## WHAT NEEDS TO BE DONE
Take the data below and write it out exactly, except for the pictures.

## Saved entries
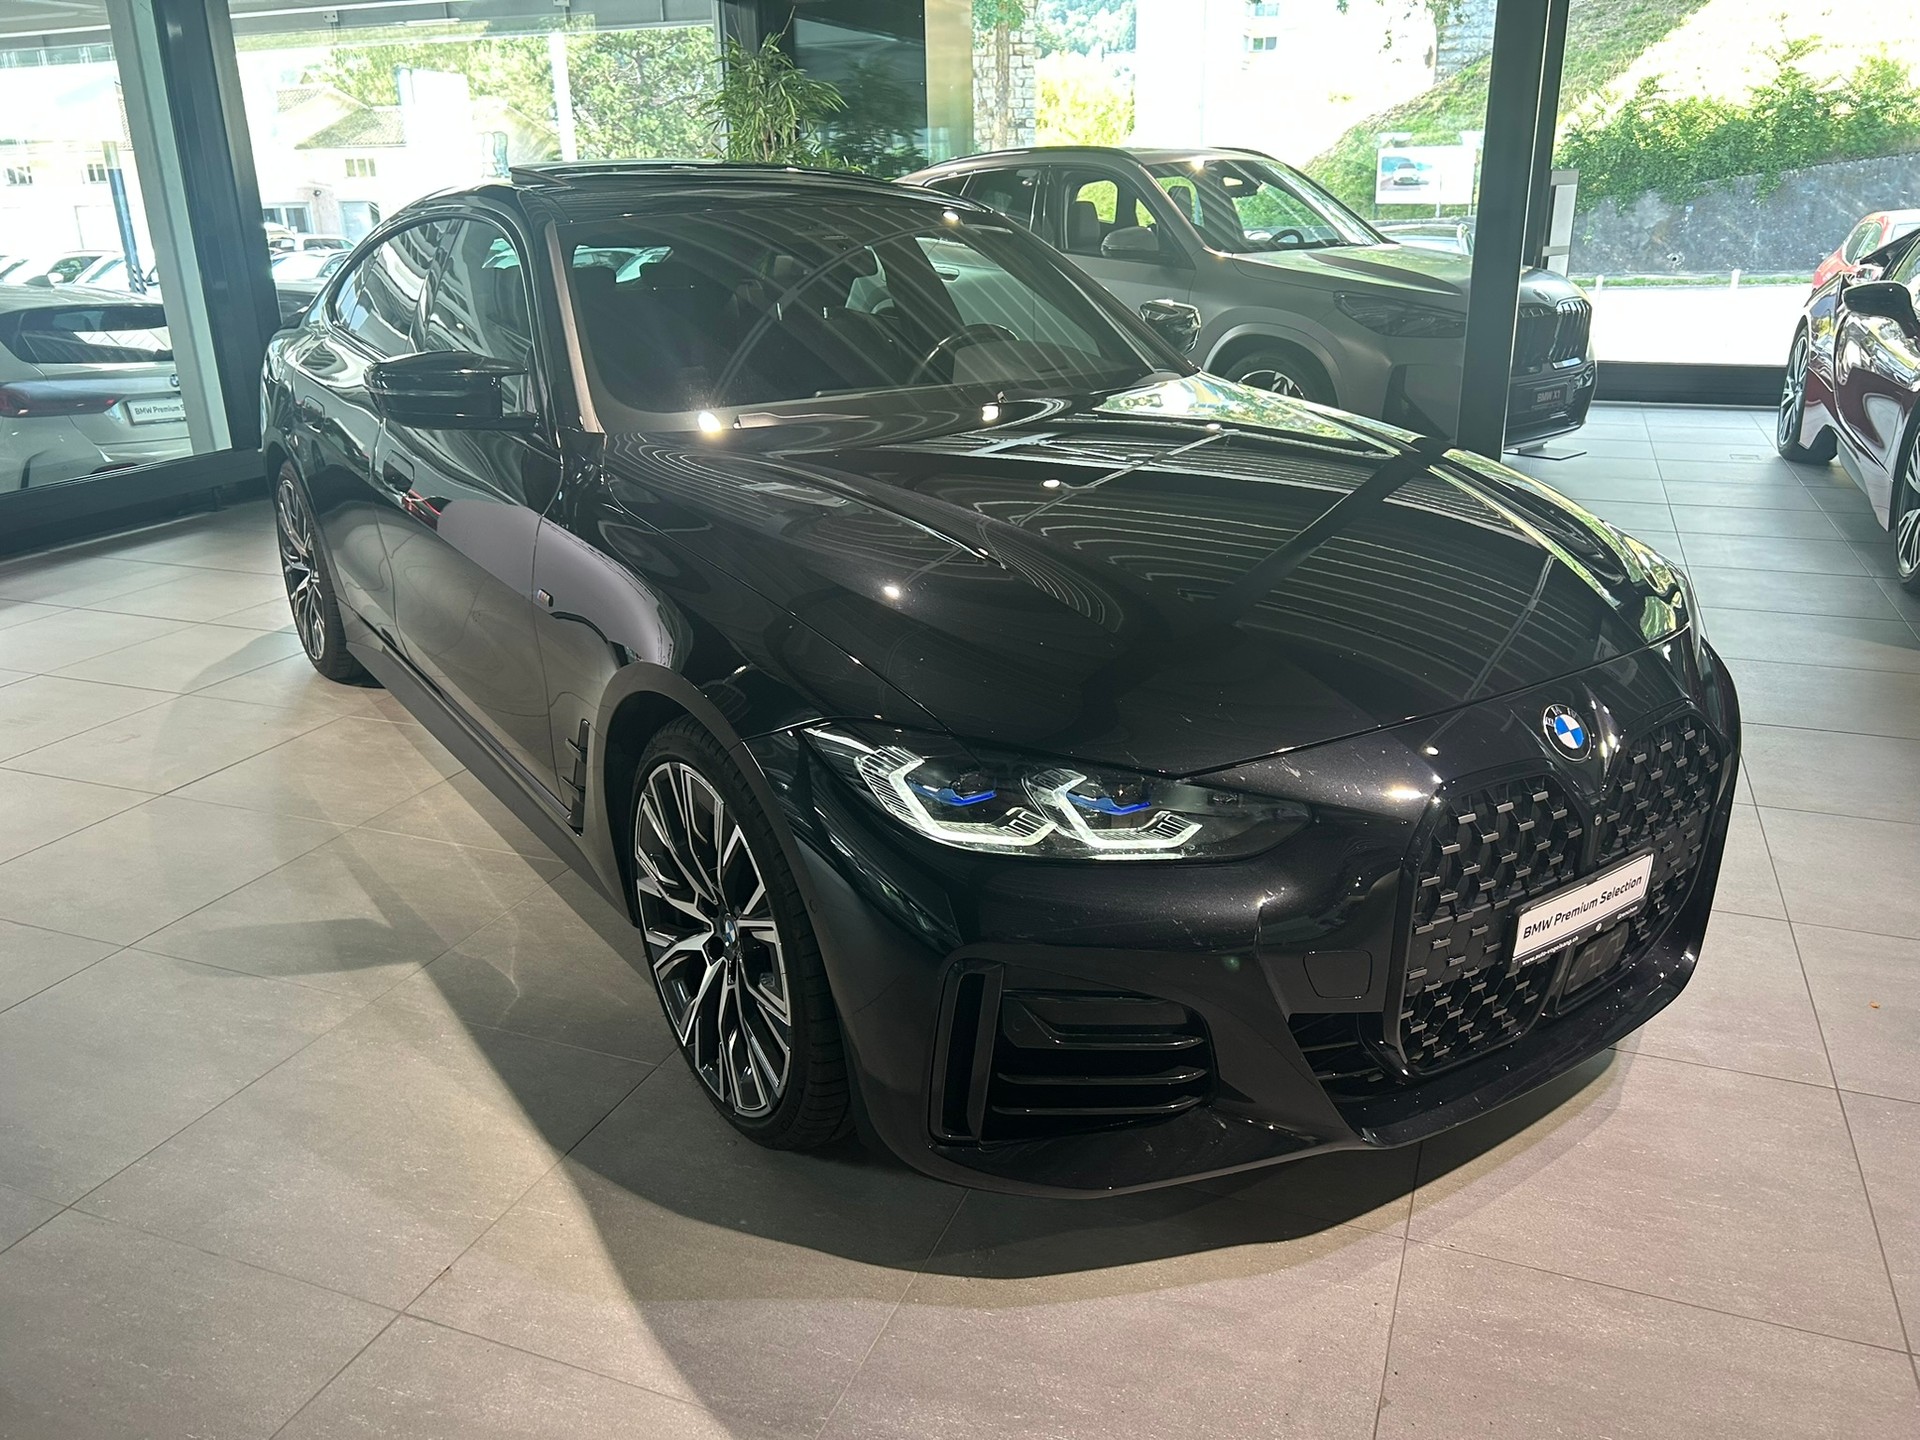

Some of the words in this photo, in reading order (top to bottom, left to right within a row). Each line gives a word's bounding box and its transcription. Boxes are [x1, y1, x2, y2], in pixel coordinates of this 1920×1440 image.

[134, 406, 152, 415] BMW
[153, 404, 180, 414] Premium
[1523, 915, 1553, 939] BMW
[1554, 897, 1598, 926] Premium
[1600, 876, 1642, 904] Selection

## RESPONSE TO THE TASK
Some of the words in this photo, in reading order (top to bottom, left to right within a row). Each line gives a word's bounding box and its transcription. Boxes are [x1, y1, x2, y2], in pixel coordinates of this 1920×1440 image.

[134, 406, 152, 415] BMW
[153, 404, 180, 414] Premium
[1523, 915, 1553, 939] BMW
[1554, 897, 1598, 926] Premium
[1600, 876, 1642, 904] Selection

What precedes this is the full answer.